What could anyone say? Everything had changed, and I had no choice but to accept everything as it was, or, rather, however it was on any given day.

“Oh, my son! You certainly are a lucky one.”

Ekrem Bey appeared, and my aunt quickly moved on.

“Aha! Here's another unreliable one. This one doesn't even
come to the meetings, even though he's a member of the board. Come now, dear Ekrem, shall we not mingle a little and see how the other guests are getting on?”

But poor Ekrem was looking at someone just behind us. And Nevzat Hanım, squirming to free herself from Cemal Bey's clutches, also stepped away to mingle with my aunt. A few others tagged along in hope of finding more amusing company.

I asked Selma Hanım what she thought of my aunt. Instead of answering directly, she only said, “She loves you very much. She talked about no one but you for the past hour!” I told her about my various adventures with my aunt. At first she laughed and laughed but then she turned serious, murmuring:

“Men of greatness rise out of strange circumstances.”

I looked at her in complete surprise. What could I say?

A little later Sabriye Hanım came over to us. She had spent the entire day working at the regulation station that was soon to open in Taksim. “Those three girls have been trained exceedingly well,” she said. “We've been rehearsing since morning! Everything is just the way we want it to be. It's just that we still don't have the uniforms.” Selma Hanım said she could start work herself whenever we wanted.
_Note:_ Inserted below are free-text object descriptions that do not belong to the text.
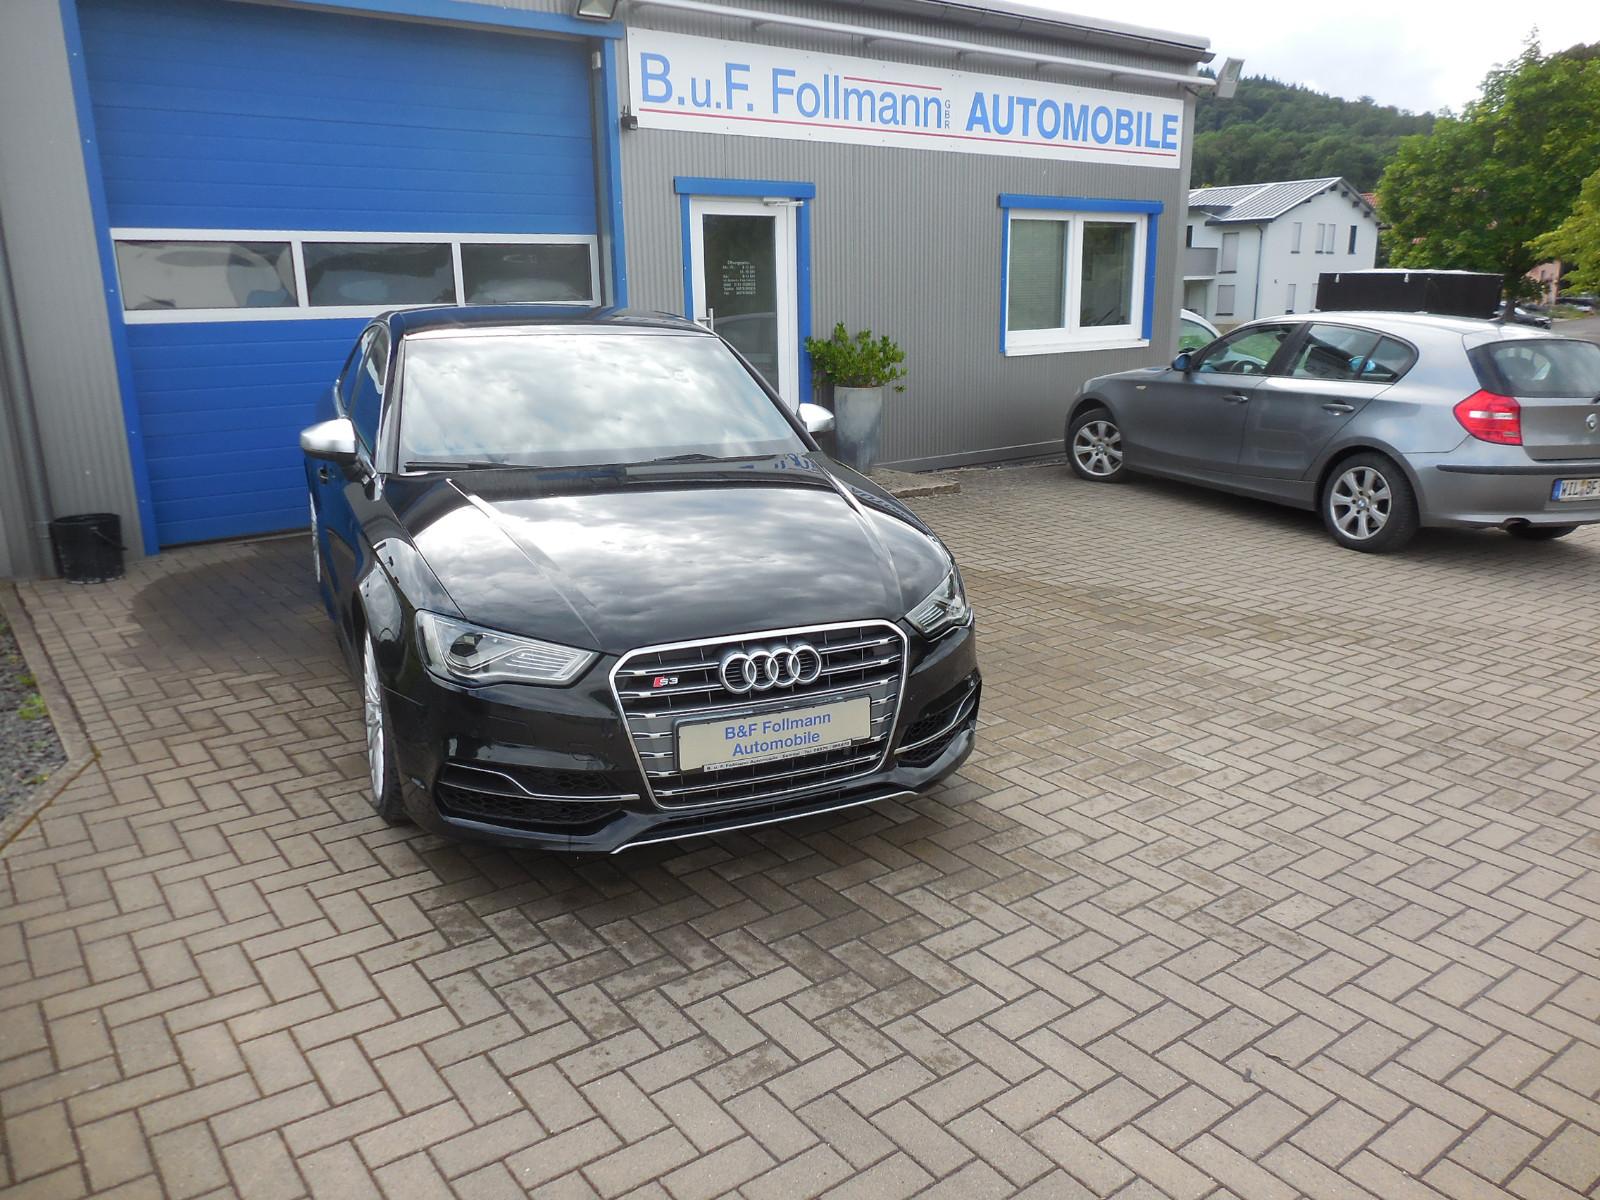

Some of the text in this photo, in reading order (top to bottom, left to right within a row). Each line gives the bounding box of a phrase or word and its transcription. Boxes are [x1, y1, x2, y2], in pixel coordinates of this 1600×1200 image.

[771, 67, 943, 130] Follmann
[965, 91, 1179, 151] AUTOMOBILE
[1560, 480, 1578, 497] WIL
[656, 677, 679, 686] S3
[724, 711, 832, 741] B&F Follmann
[732, 731, 820, 757] Automobile
A little later Cemal Bey came over to collect his wife. I asked Sabriye Hanım:

“Did Selma Hanım ever ask Cemal Bey if she could work with us?”
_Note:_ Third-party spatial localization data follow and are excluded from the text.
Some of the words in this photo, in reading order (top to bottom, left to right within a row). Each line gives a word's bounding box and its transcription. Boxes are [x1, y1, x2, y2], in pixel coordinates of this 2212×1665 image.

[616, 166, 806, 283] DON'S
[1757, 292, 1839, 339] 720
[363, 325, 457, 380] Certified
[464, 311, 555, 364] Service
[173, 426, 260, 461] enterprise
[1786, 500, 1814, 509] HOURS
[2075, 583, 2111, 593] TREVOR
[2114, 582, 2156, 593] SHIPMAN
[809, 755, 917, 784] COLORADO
“There's no need. They're getting divorced,” she said. “But that's between you and me, for the time being. Cemal Bey was caught embezzling, and the company is on the verge of bankruptcy. It's a terrible mess. Haven't you heard?”
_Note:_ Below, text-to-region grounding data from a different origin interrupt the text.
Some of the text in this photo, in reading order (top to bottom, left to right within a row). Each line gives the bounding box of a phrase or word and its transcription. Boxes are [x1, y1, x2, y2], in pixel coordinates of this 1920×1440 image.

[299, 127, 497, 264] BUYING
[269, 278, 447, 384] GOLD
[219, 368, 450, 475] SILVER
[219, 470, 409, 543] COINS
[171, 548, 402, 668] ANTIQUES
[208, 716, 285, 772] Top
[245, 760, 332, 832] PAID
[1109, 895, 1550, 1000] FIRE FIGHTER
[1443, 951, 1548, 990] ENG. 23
“But Cemal Bey doesn't seem worried at all.” He'd been comfortably carrying on with Nevzat Hanım.

“Cemal would keep his composure on his deathbed,” she said. “But none of this really matters. How is your aunt? Wonderful, isn't she?”

“Yes,” I said. “But I don't understand any of this. Did she really make peace with me? And why? Was all that nonsense my wife spouted to the paper just a setup, to attract her to the institute? I can't be sure of anything anymore.”

“You don't understand Halit Bey, that's why. You assume
that he acts according to some master plan and that he ensnared your aunt because she's rich. But no, he merely wanted to promote the institute through you, and just then your aunt turned up and so he seized the opportunity. Halit Bey's a casual fellow, but he's clever. And he plays fair—he's no opportunist!”

The Clock Lover's Society boasted a whole host of beautiful young women and handsome, courteous young men. It became quite an attraction in its own right. Yet most of these people were from the Spiritualist Society, the coffeehouse, or Halit Bey's own circle of friends. At one point we were visited by the exalted politician I'd first met at the restaurant in Büyükdere. I was with my aunt when he stepped in. When I told him I was her nephew, he was all the more delighted with our enterprise. He showed a keen interest in the institute.

“How is work?”

I was preparing my answer when a waiter stepped in between us, offering caviar canapés. The politician looked me in the eye, and then down at the tray. With a great show of indifference, he told the waiter to set the tray on the table beside us. A while later whiskey was served. With a tumbler of whiskey already in his hand, Halit joined us. “We're creating quite a substantial cooperative, sir,” he exclaimed. “To our personnel!” As usual, I was catching up with plans I'd not been told about. Moreover, Halit Bey informed me later that evening that I was also going to be involved in a project to establish Timely Banks. So whether I knew it or not, I was now enjoying a certain success in life. But what had I really achieved? Save my frustration with this strange and incongruous crowd, what else had I achieved?